[Dataset entries]

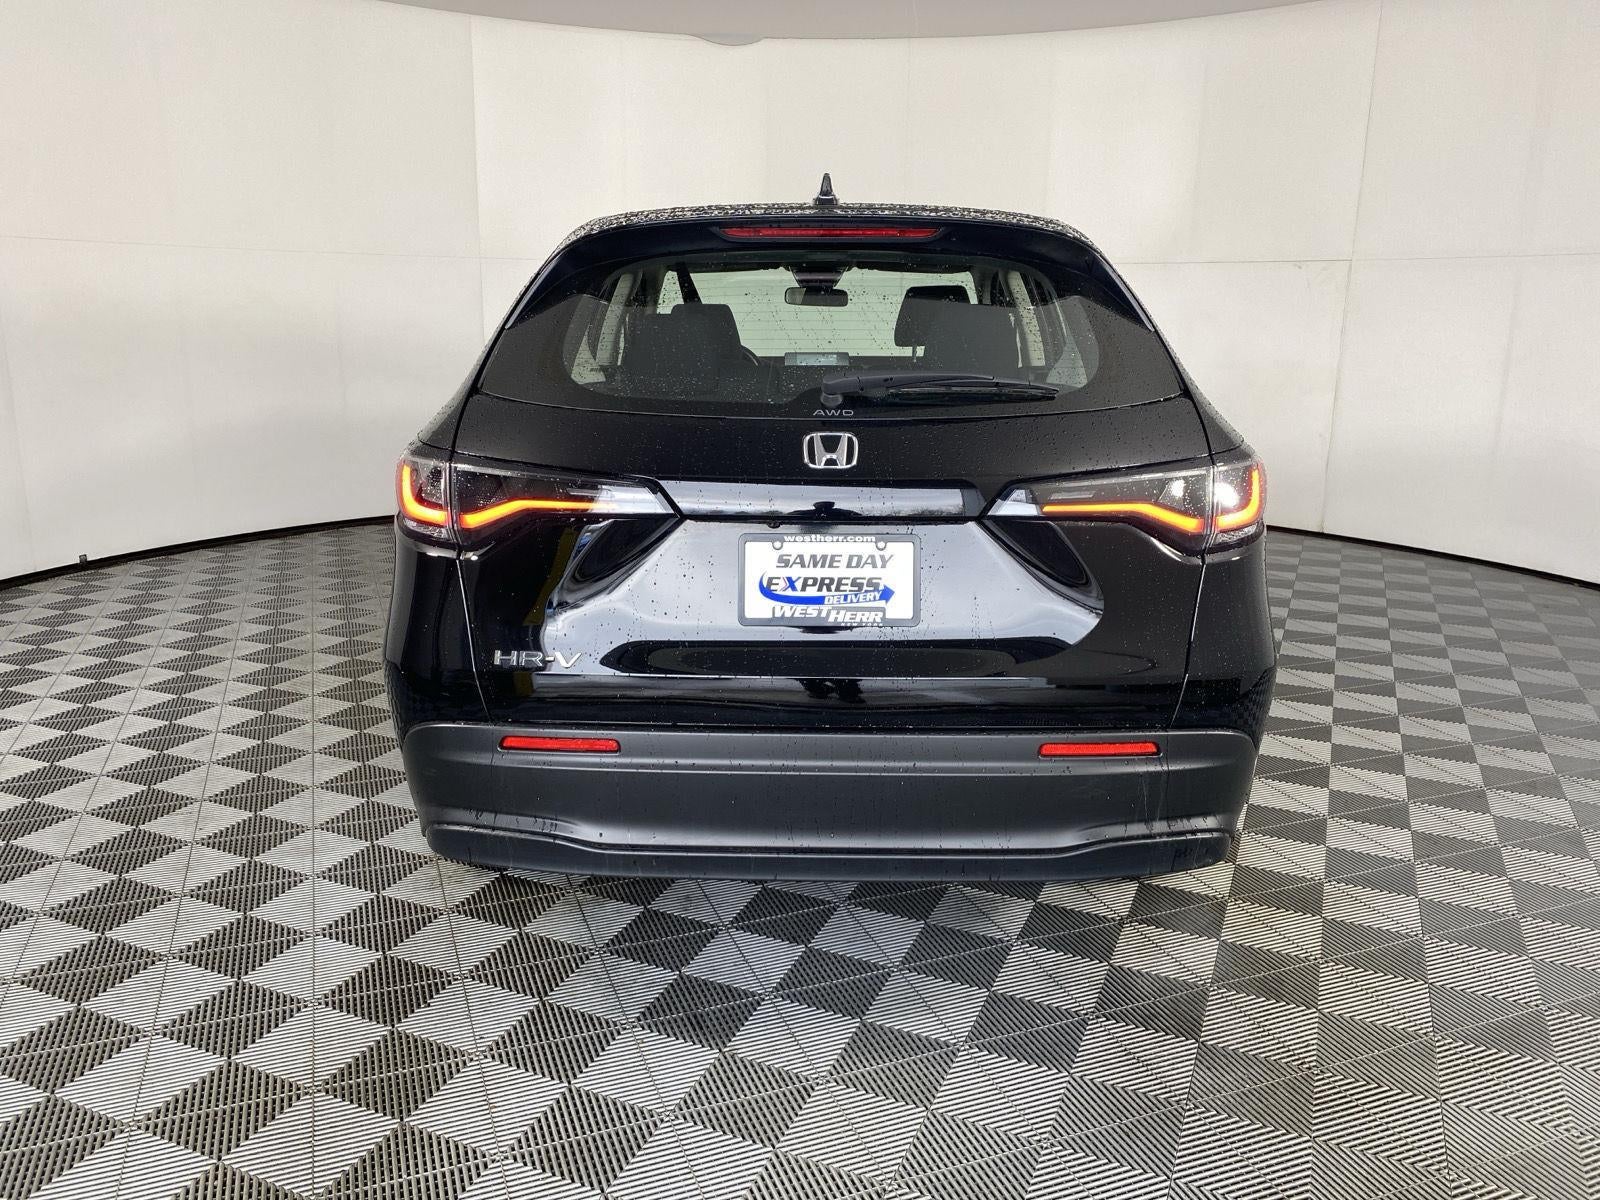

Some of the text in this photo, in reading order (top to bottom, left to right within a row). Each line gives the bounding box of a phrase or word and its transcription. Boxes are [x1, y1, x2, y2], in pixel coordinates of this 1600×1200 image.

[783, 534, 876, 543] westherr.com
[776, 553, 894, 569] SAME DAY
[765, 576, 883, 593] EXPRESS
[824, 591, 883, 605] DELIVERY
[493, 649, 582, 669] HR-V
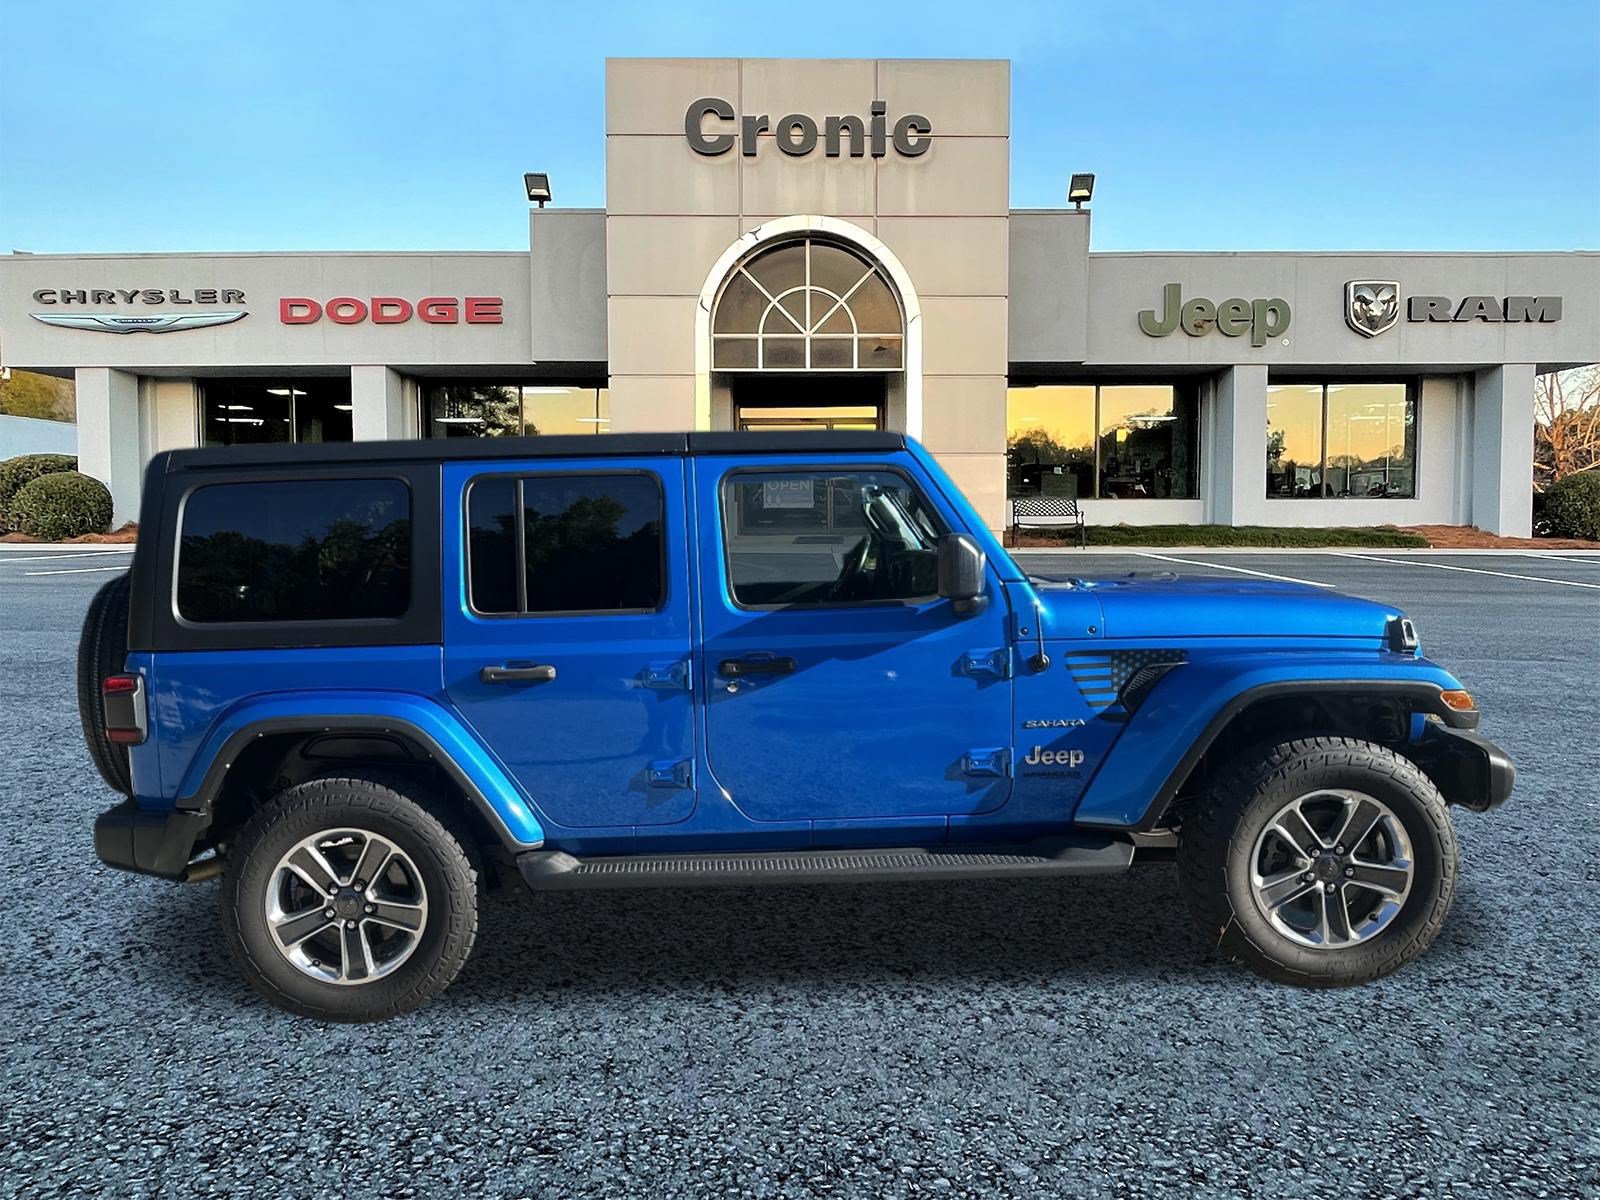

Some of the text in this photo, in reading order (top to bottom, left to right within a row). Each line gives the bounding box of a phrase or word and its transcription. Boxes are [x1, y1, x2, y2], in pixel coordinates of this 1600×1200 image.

▶ _TASK DESCRIPTION_:
A verbatim printout of the entries above is expected, free of pictures.

▶ _EXPECTED OUTPUT_:
Some of the text in this photo, in reading order (top to bottom, left to right within a row). Each line gives the bounding box of a phrase or word and its transcription. Boxes are [x1, y1, x2, y2], in pixel coordinates of this 1600×1200 image.

[783, 534, 876, 543] westherr.com
[776, 553, 894, 569] SAME DAY
[765, 576, 883, 593] EXPRESS
[824, 591, 883, 605] DELIVERY
[493, 649, 582, 669] HR-V

Some of the text in this photo, in reading order (top to bottom, left to right within a row). Each line gives the bounding box of a phrase or word and its transcription. Boxes are [x1, y1, x2, y2], in pixel coordinates of this 1600×1200 image.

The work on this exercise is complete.